The radical thing to do is, again, to believe the student at their word. If they are concerned about their mental health, it’s never just ‘fine’. They have spent their entire lives being told their feelings were wrong or did not matter, either explicitly by CBT-trained therapists or implicitly by the way society functions. That means that the student doesn’t just disclose a mental health concern for no reason. They only do so if they trust you. It’s dangerous to disclose a mental health concern if you’re autistic, so, if they do disclose, I as the mentor am the first line of defence, together with their personal tutor if they have a good relationship with them.

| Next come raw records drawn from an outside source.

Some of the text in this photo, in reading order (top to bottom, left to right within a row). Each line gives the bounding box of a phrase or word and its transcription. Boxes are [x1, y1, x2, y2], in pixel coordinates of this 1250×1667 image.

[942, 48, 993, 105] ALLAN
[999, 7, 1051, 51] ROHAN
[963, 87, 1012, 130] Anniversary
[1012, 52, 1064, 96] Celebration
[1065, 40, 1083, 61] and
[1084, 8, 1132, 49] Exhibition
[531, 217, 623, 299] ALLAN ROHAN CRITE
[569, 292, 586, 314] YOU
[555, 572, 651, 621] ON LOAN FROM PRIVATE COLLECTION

My own emotions and experience, far from being an obstacle, are what makes mentoring work. Of course I’m affected by the students and their lives. I care, sometimes to my detriment. I will go the extra mile, because when I was a student, I needed someone to do so for me. My heart is what guides me. My intuition and empathy are just as valid as the student’s. I’ve had a lot of experience in my 3.5 decades on the planet. I’ve got some stories. This sharing of experience is vital to autistic connection making. No, mentoring isn’t clean and absent of any and all emotional bias. It runs on it. And sometimes that means it doesn’t work.

Political

Being a mentor is political. It has to be. I can only work as a mentor if I’m cognisant of the real obstacles we face and how we intersect. I need to be curious and humble about the experiences I don’t share with my mentees. I’m not a woman, I’m not trans or gender non-conforming, I’m white in a white-majority society. I learn so much from the experiences my mentees share: they decentre me. This is vital. During the hour or so a week, I am their mentor. We may just be spending an hour making each other laugh, but still, it’s vital that we’re both here and that we’re having this conversation. For autistics who spend their entire day interacting with neurotypicals, they don’t really have the chance to de-stress and unmask a bit.

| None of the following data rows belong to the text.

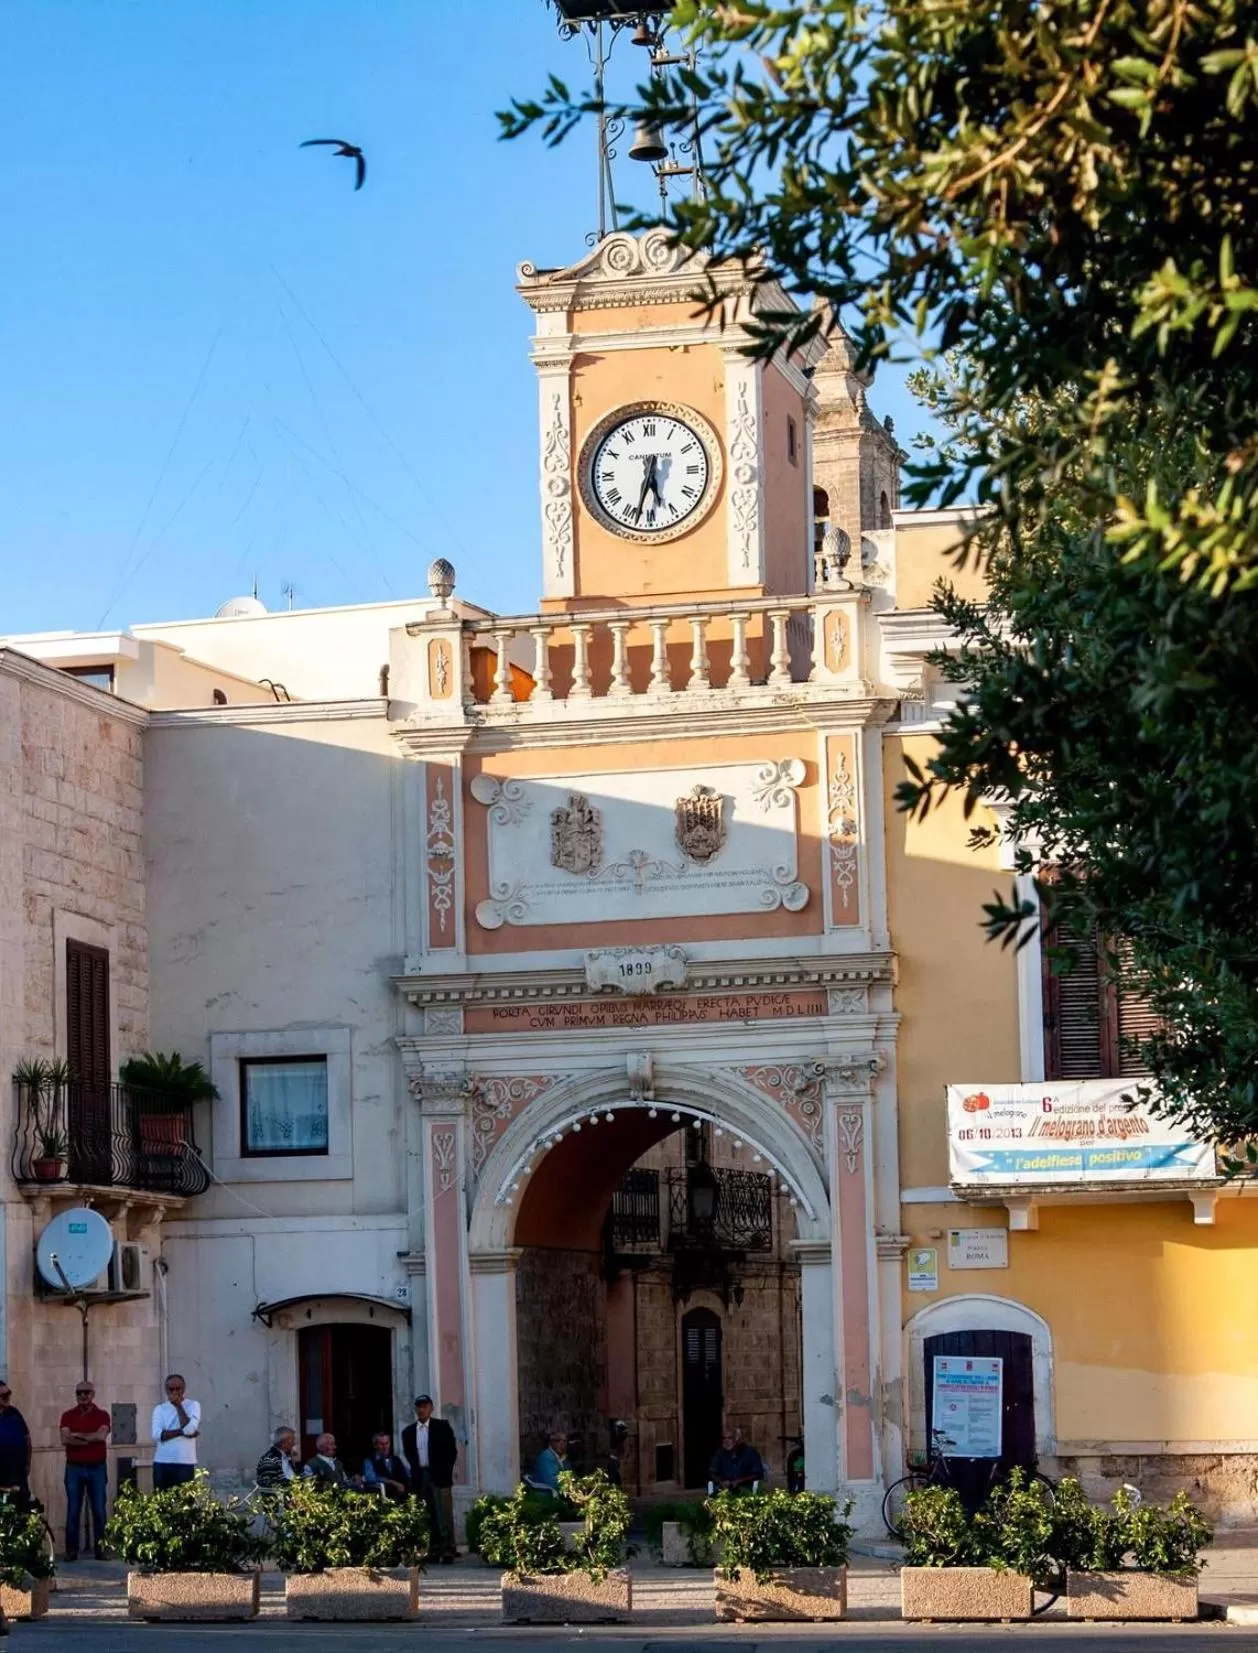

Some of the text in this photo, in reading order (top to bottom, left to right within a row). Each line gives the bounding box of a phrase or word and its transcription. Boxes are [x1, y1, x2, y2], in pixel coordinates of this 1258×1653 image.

[643, 423, 656, 437] XII
[667, 428, 674, 440] I
[621, 430, 635, 445] XI
[607, 449, 620, 460] X
[680, 443, 694, 454] II
[686, 465, 699, 475] III
[606, 487, 622, 506] VIII
[646, 509, 656, 522] VI
[668, 503, 678, 515] V
[493, 1007, 531, 1020] PORTA
[697, 996, 741, 1009] ERECTA
[530, 1016, 555, 1027] CVM
[564, 1014, 605, 1026] PRIMVM
[720, 1006, 759, 1018] HABET
[1053, 1104, 1091, 1114] edizione
[1092, 1103, 1106, 1113] del
[1040, 1114, 1095, 1141] melograno
[1096, 1112, 1149, 1141] d'argento

Despite the existence of Elon Musk, the autistic community doesn’t have money. We really don’t. Life is expensive, especially when employment is full of artificial barriers, and costs us so much energy. Since being autistic runs in families, it’s also possible that the student’s parent(s) might be autistic, which means they will have had issues accessing employment. In any case, there is never enough money, and financial anxiety can be stultifying for us. It’s important to be mindful that the idea of no longer being able to pay our way is disabling.

Most autistic people are LGBTQIA+. that means that any autistic mentor will likely also be queer. But that doesn’t mean they don’t work with cishet students, who are also owed generosity and kindness. It’s just that having lived experience of anti-queer resentment makes it a little bit easier for a student who feels like they’re alone with their worries.

Lived Experience

I would like to start off by stating that I don’t hate neurotypical support workers. I really don’t. I’m just mindful that, due to the double empathy problem, they struggle to emotionally intuit us. That’s okay, I don’t blame them in the slightest. But there are limits. I am concerned about the wellbeing of the student when the mentor is neurotypical, since they can easily miss serious problems, even leading students into states of overload, causing meltdowns, shutdowns and their internalisation. All this adapting is to the benefit of the neurotypical mentor who, usually, has no idea that the student is even doing this for their benefit.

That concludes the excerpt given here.